Leaving out every picture, quote the data below exactly as it appears.

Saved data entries
━━━━
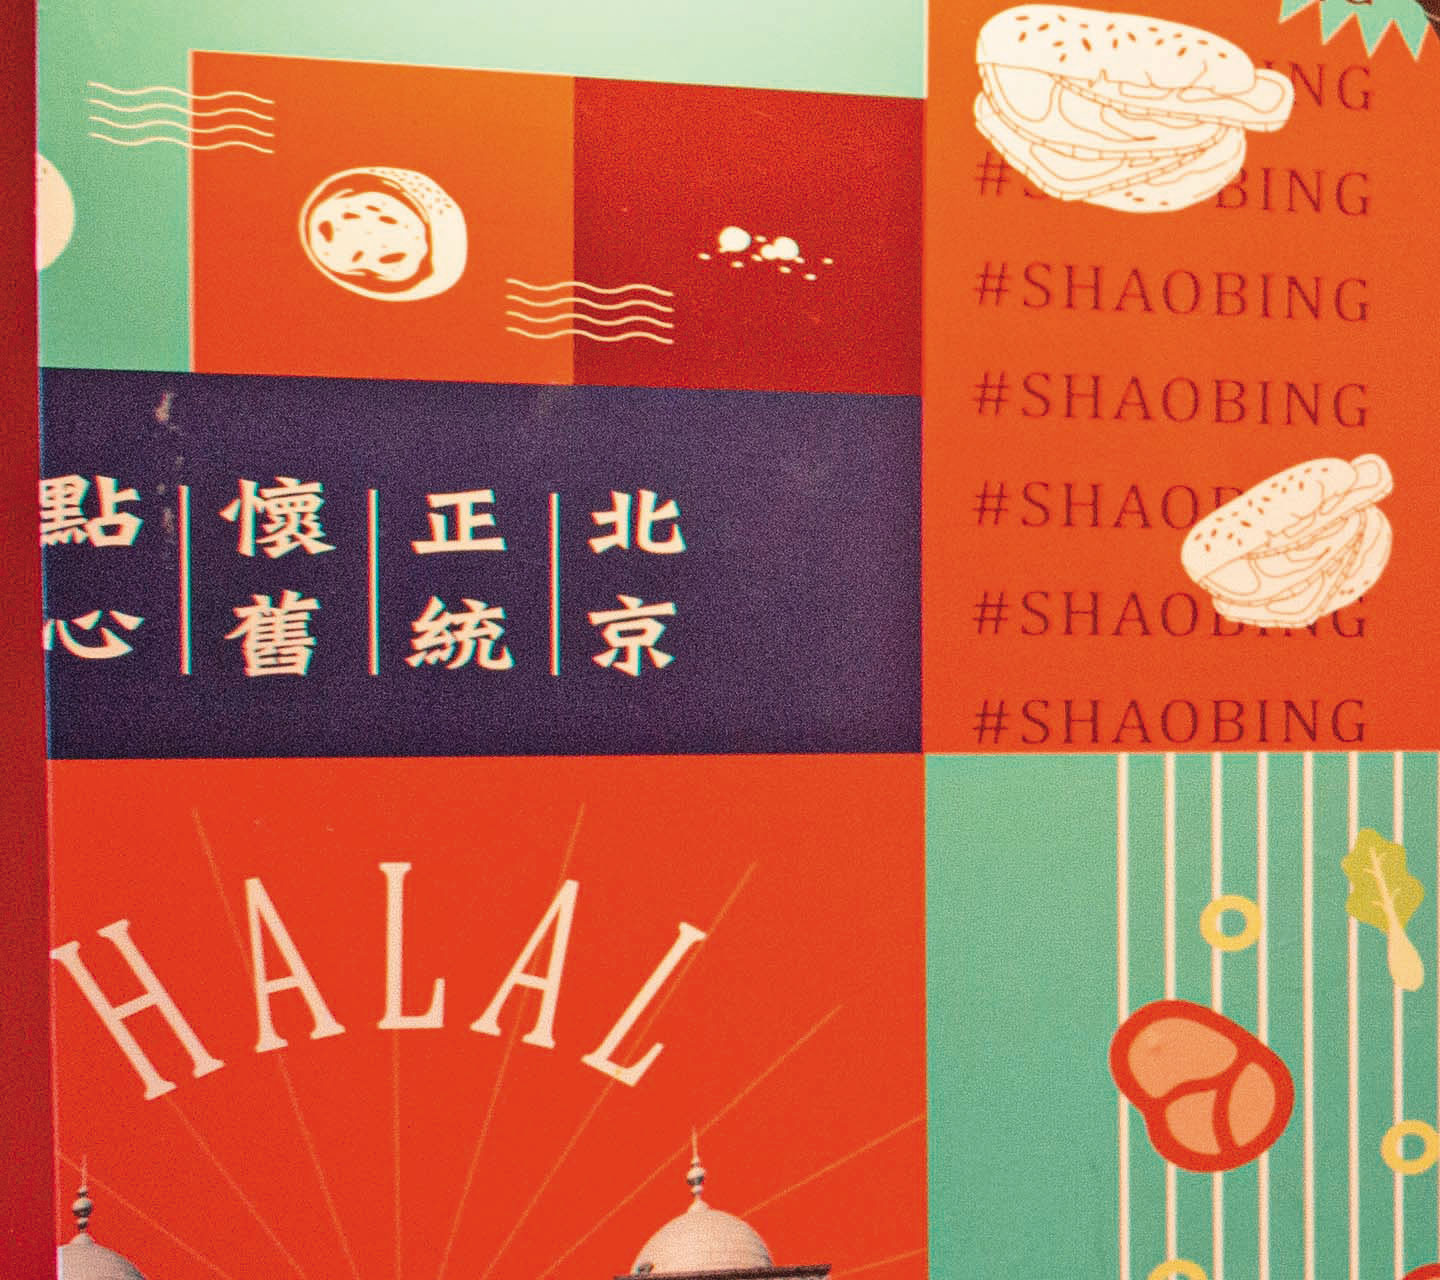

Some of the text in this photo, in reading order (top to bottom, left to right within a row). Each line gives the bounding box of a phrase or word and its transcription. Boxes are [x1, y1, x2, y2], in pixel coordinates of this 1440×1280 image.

[974, 262, 1371, 322] #SHAOBING
[974, 370, 1370, 429] #SHAOBING
[38, 474, 145, 661] 點心
[219, 475, 337, 678] 懷舊
[405, 488, 515, 672] 正統
[588, 488, 686, 676] 北京
[973, 480, 1240, 531] #SHAO
[973, 697, 1368, 746] #SHAOBING
[50, 861, 706, 1101] HALAL
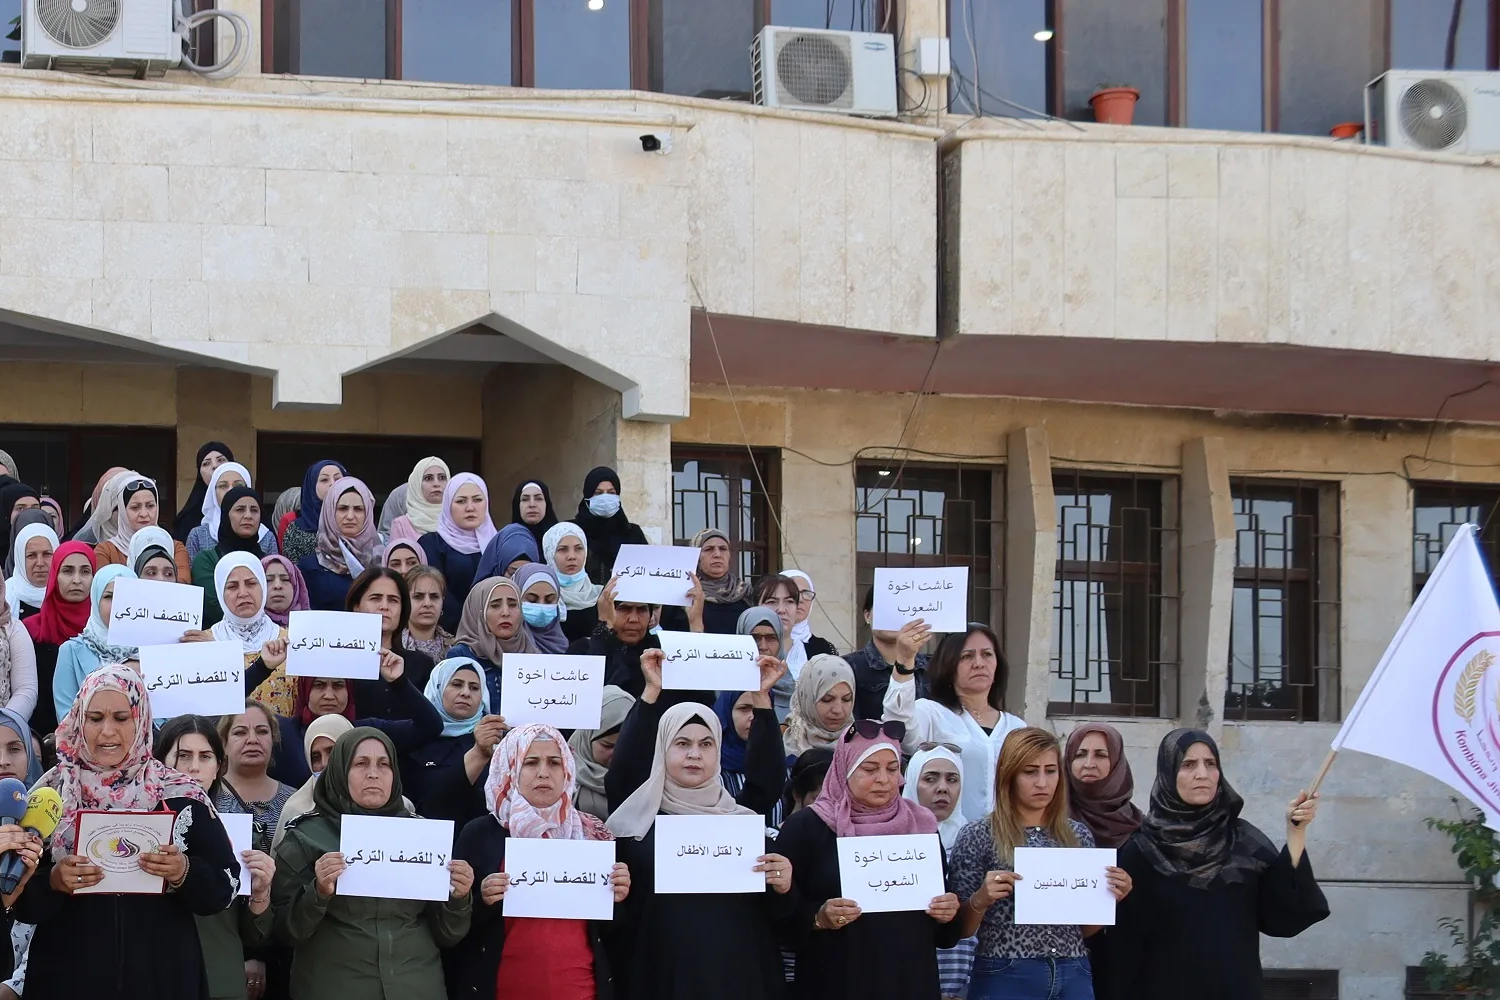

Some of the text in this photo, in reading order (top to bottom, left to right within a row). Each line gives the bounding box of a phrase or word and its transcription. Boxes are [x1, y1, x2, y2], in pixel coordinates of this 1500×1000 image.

[616, 566, 645, 578] التركي
[649, 568, 681, 578] للقصف
[918, 580, 953, 590] عاشت
[898, 601, 942, 616] الشعوب
[115, 607, 199, 625] لا للقصف التركي
[292, 637, 377, 652] لا للقصف التركي
[666, 649, 754, 661] لا للقصف التركي
[551, 669, 589, 681] عاشت
[147, 671, 239, 692] لا للقصف التركي
[528, 693, 577, 709] الشعوب
[346, 849, 447, 866] لا للقصف التركي
[713, 846, 731, 857] لقتل
[736, 847, 742, 856] لا
[888, 849, 926, 861] عاشت
[510, 871, 610, 886] لا للقصف التركي
[868, 874, 918, 892] الشعوب
[1034, 878, 1097, 889] لا لقتل المدنيين
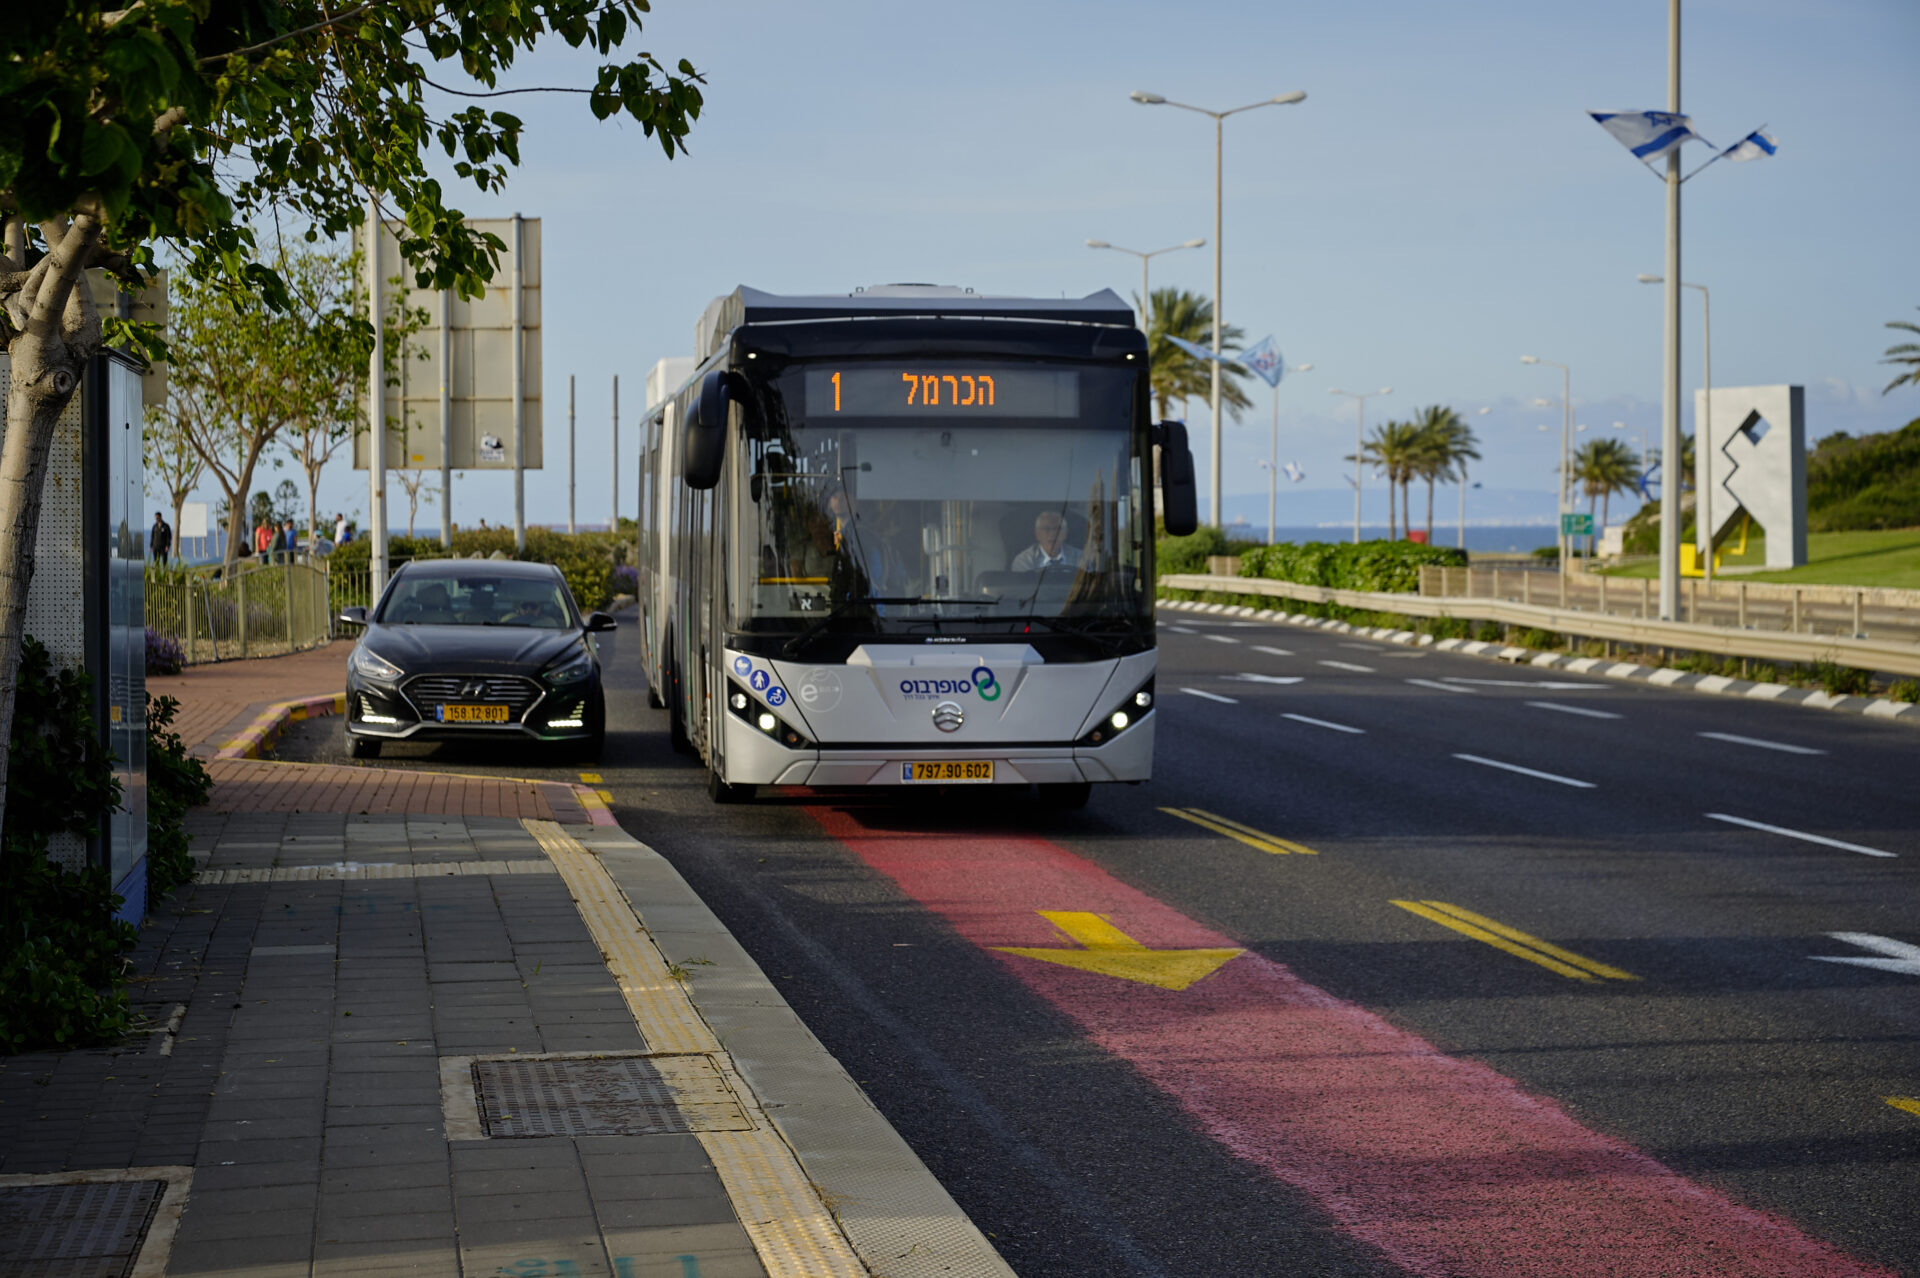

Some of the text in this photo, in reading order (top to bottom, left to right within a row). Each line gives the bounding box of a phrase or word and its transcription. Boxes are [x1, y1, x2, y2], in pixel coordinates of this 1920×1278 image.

[831, 371, 994, 411] 1 הכרמל
[900, 680, 971, 694] סופרבוס
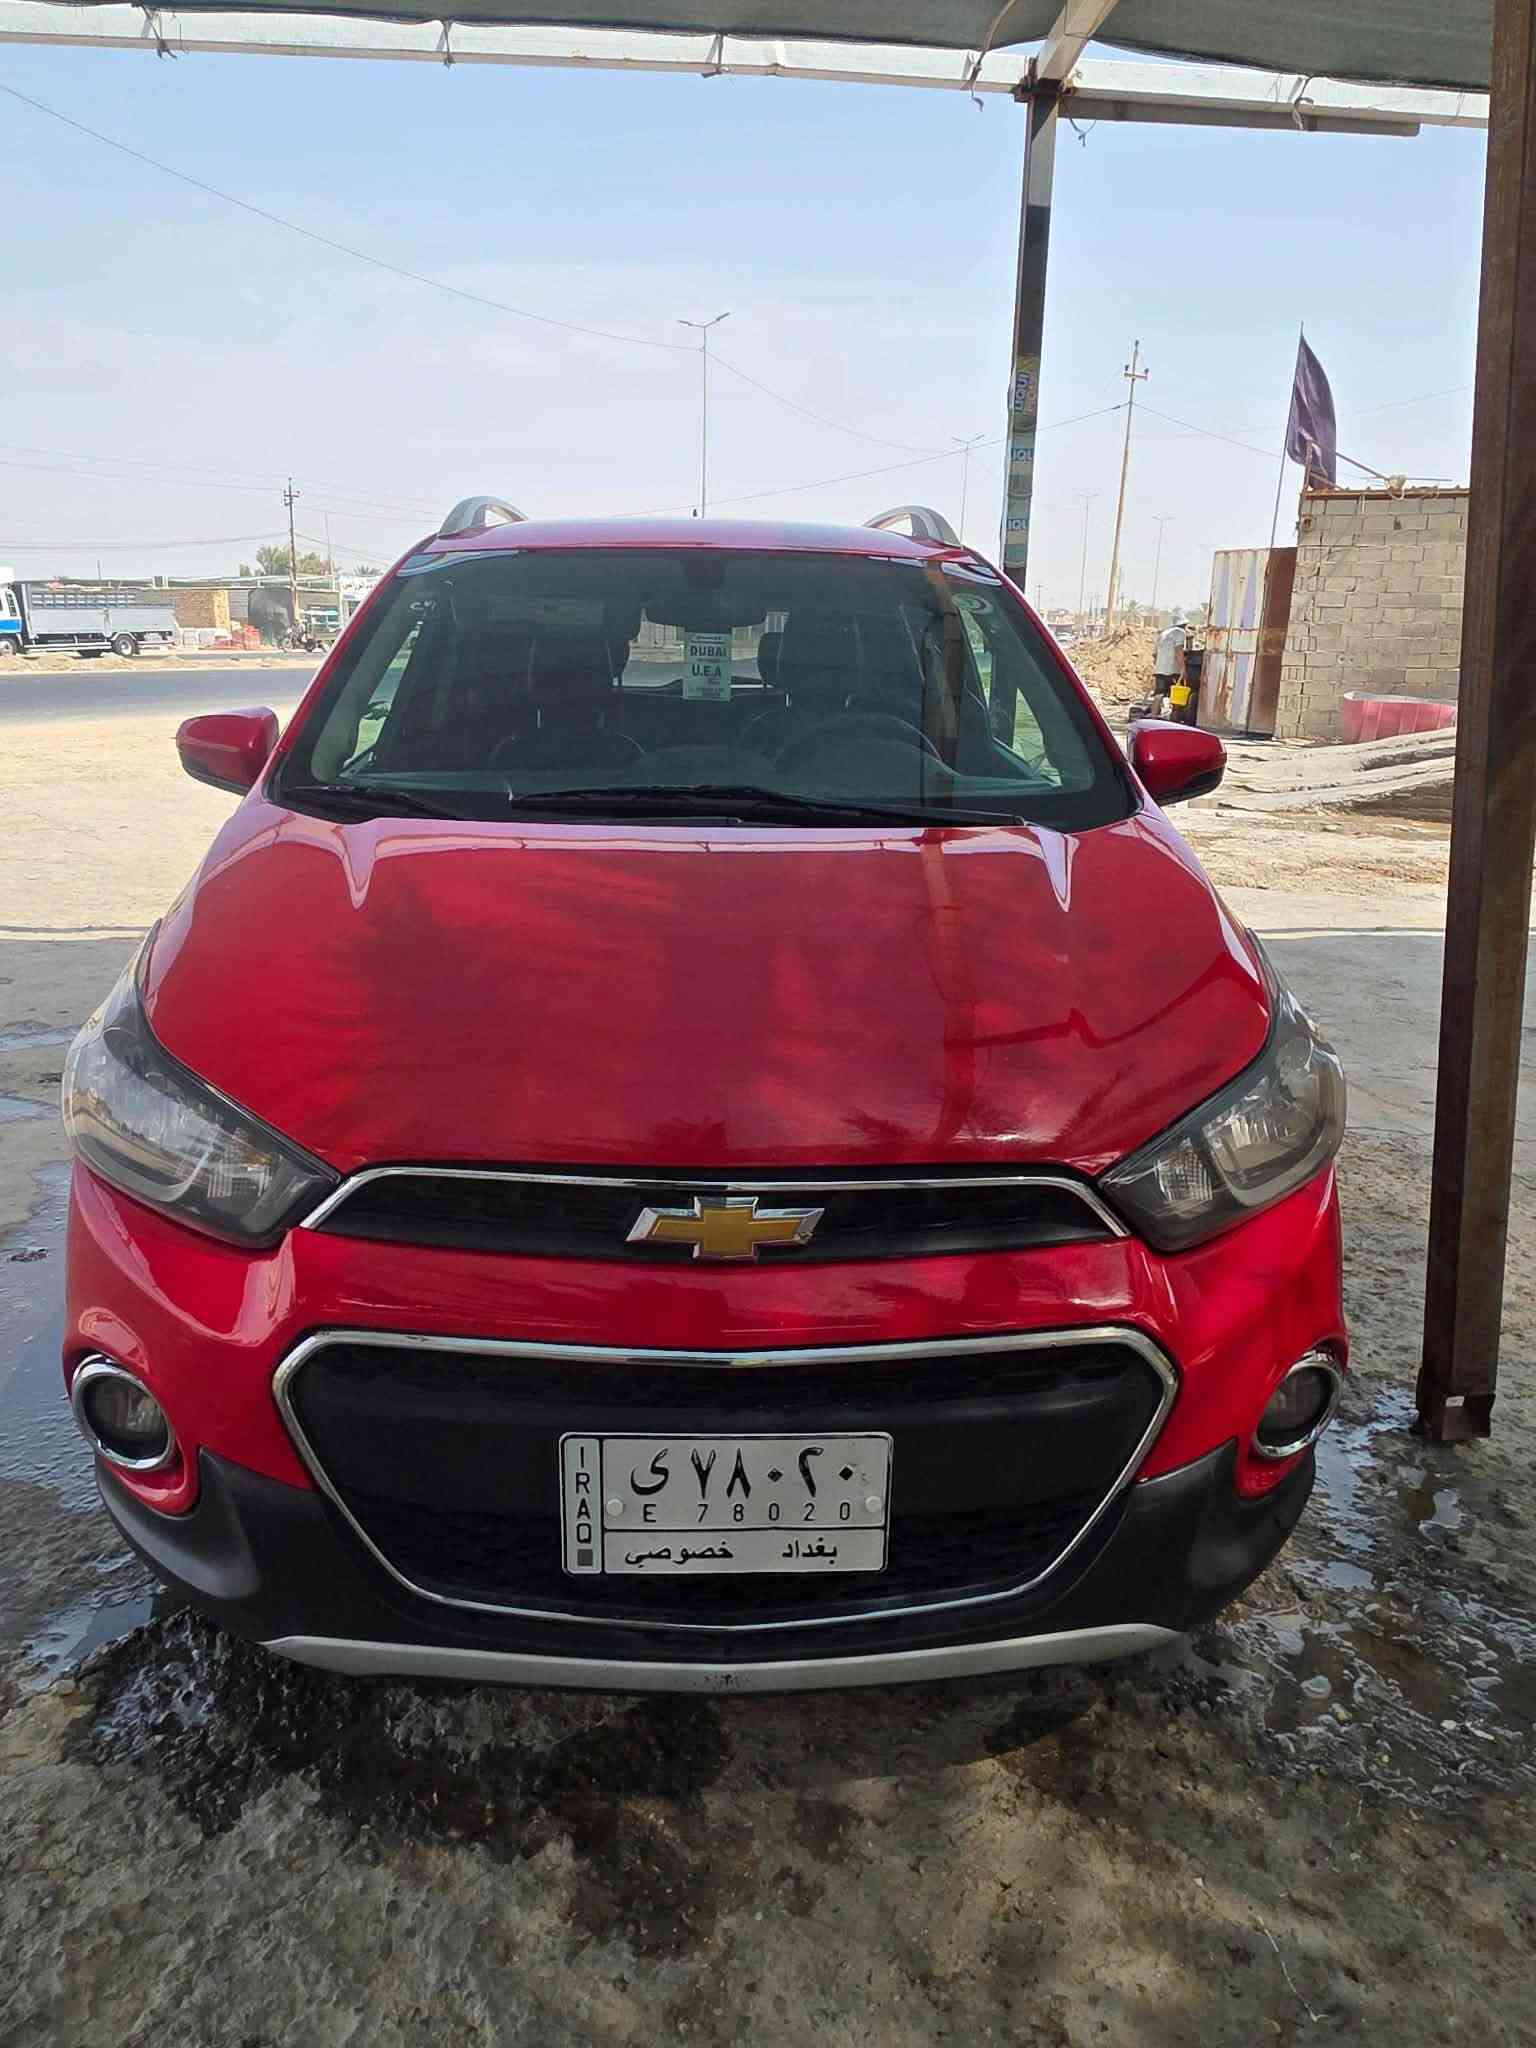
━━━━
*EXPECTED OUTPUT:*
Some of the text in this photo, in reading order (top to bottom, left to right within a row). Each line gives the bounding box of a phrase or word and its transcription. Boxes are [x1, y1, x2, y2], in pixel coordinates of this 1440×1280 image.

[974, 262, 1371, 322] #SHAOBING
[974, 370, 1370, 429] #SHAOBING
[38, 474, 145, 661] 點心
[219, 475, 337, 678] 懷舊
[405, 488, 515, 672] 正統
[588, 488, 686, 676] 北京
[973, 480, 1240, 531] #SHAO
[973, 697, 1368, 746] #SHAOBING
[50, 861, 706, 1101] HALAL

Some of the text in this photo, in reading order (top to bottom, left to right within a row). Each line gives the bounding box of a phrase or word and its transcription. Boxes are [x1, y1, x2, y2], in pixel coordinates of this 1500×1000 image.

[616, 566, 645, 578] التركي
[649, 568, 681, 578] للقصف
[918, 580, 953, 590] عاشت
[898, 601, 942, 616] الشعوب
[115, 607, 199, 625] لا للقصف التركي
[292, 637, 377, 652] لا للقصف التركي
[666, 649, 754, 661] لا للقصف التركي
[551, 669, 589, 681] عاشت
[147, 671, 239, 692] لا للقصف التركي
[528, 693, 577, 709] الشعوب
[346, 849, 447, 866] لا للقصف التركي
[713, 846, 731, 857] لقتل
[736, 847, 742, 856] لا
[888, 849, 926, 861] عاشت
[510, 871, 610, 886] لا للقصف التركي
[868, 874, 918, 892] الشعوب
[1034, 878, 1097, 889] لا لقتل المدنيين

Some of the text in this photo, in reading order (top to bottom, left to right within a row). Each line gives the bounding box of a phrase or word and its transcription. Boxes are [x1, y1, x2, y2], in pixel coordinates of this 1920×1278 image.

[831, 371, 994, 411] 1 הכרמל
[900, 680, 971, 694] סופרבוס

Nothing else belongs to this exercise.